You simply need to show up.
This is my 300th(!) post on this blog. And yet, half the time, I still don’t know what I’m doing. I don’t wake up in the morning knowing what to write. I just sit down to write (or more precisely think) and the words (ideas) come to me.
Then miraculously, I look back on the stuff I wrote 2 years ago and the stuff I wrote in college before this blog existed, and I’m astonished to find how obscure my writing was. The blobs of text, difficult to understand prose, run-on sentences, tangents, gramatical errors, overused verbage.
Learning to write better wasn’t exactly a conscious, deliberate process. But by making a commitment to write nearly every day, I just did.
Issac Asimov, the famed sci-fi writer wrote nearly 500(!) books in his lifetime by waking up everyday at 6 and writing until about noon.
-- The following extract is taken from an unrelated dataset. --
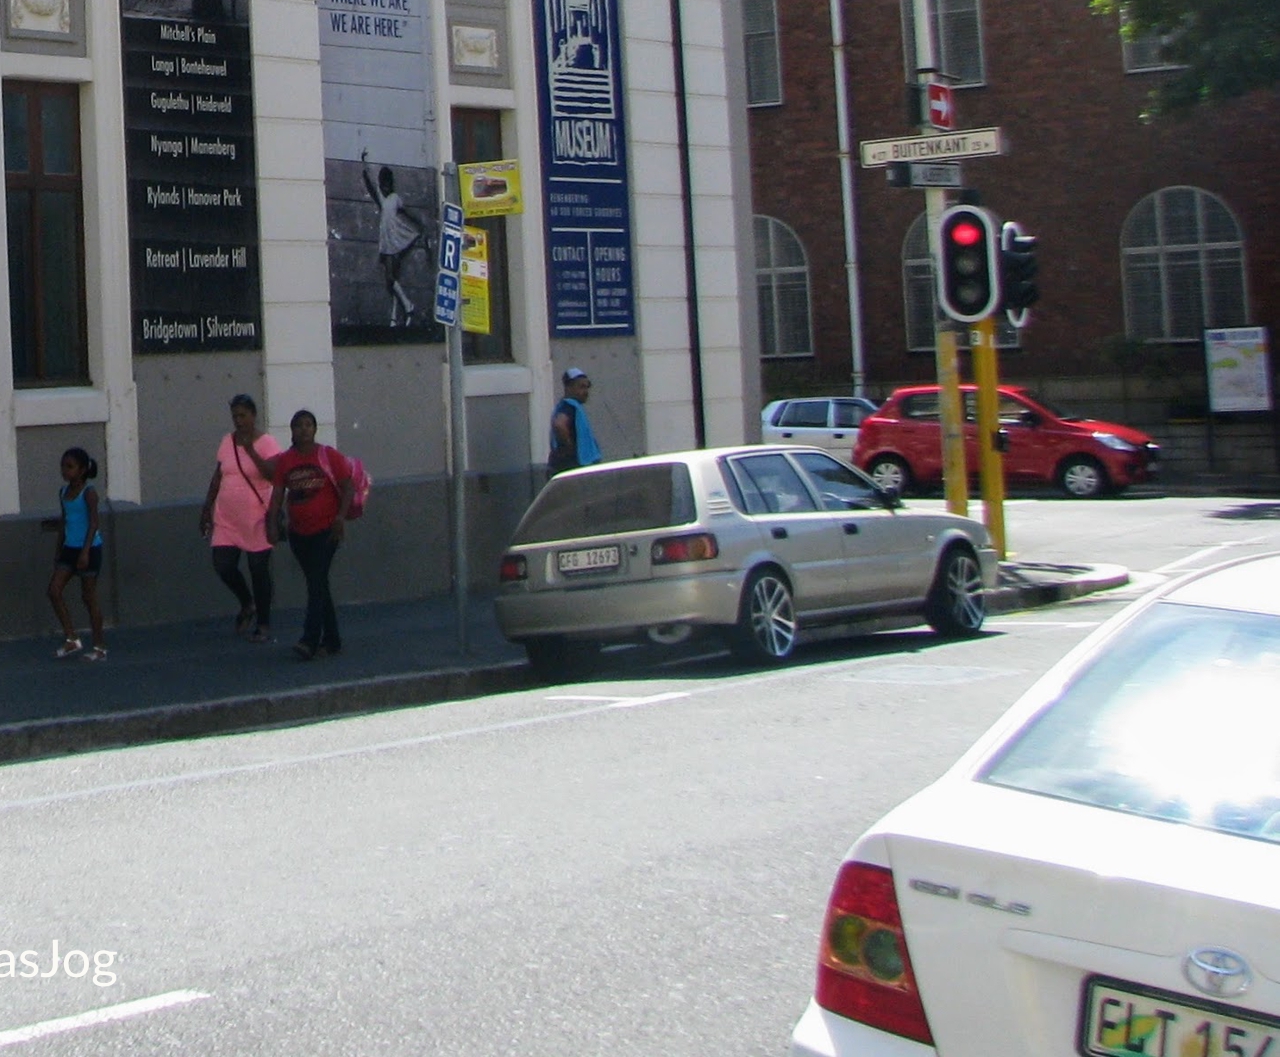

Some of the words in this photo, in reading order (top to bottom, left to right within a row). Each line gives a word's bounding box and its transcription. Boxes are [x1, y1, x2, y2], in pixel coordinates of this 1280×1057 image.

Immanuel Kant, perhaps one of the most influential thinkers in modern history, did the same thing from 5 to 8 am, for 40-plus years.
I don’t think these guys were literary geniuses from the start. In fact, I contend that saying stuff like that undermines the amount of work they put in. Because you don’t get to mastery by knowing what you’re doing. You get to mastery by showing up, consistently. By doing a thing every day. By learning as you go.
Indeed, commiting to a time and place to practice might be the only significant decision you make enroute to mastery.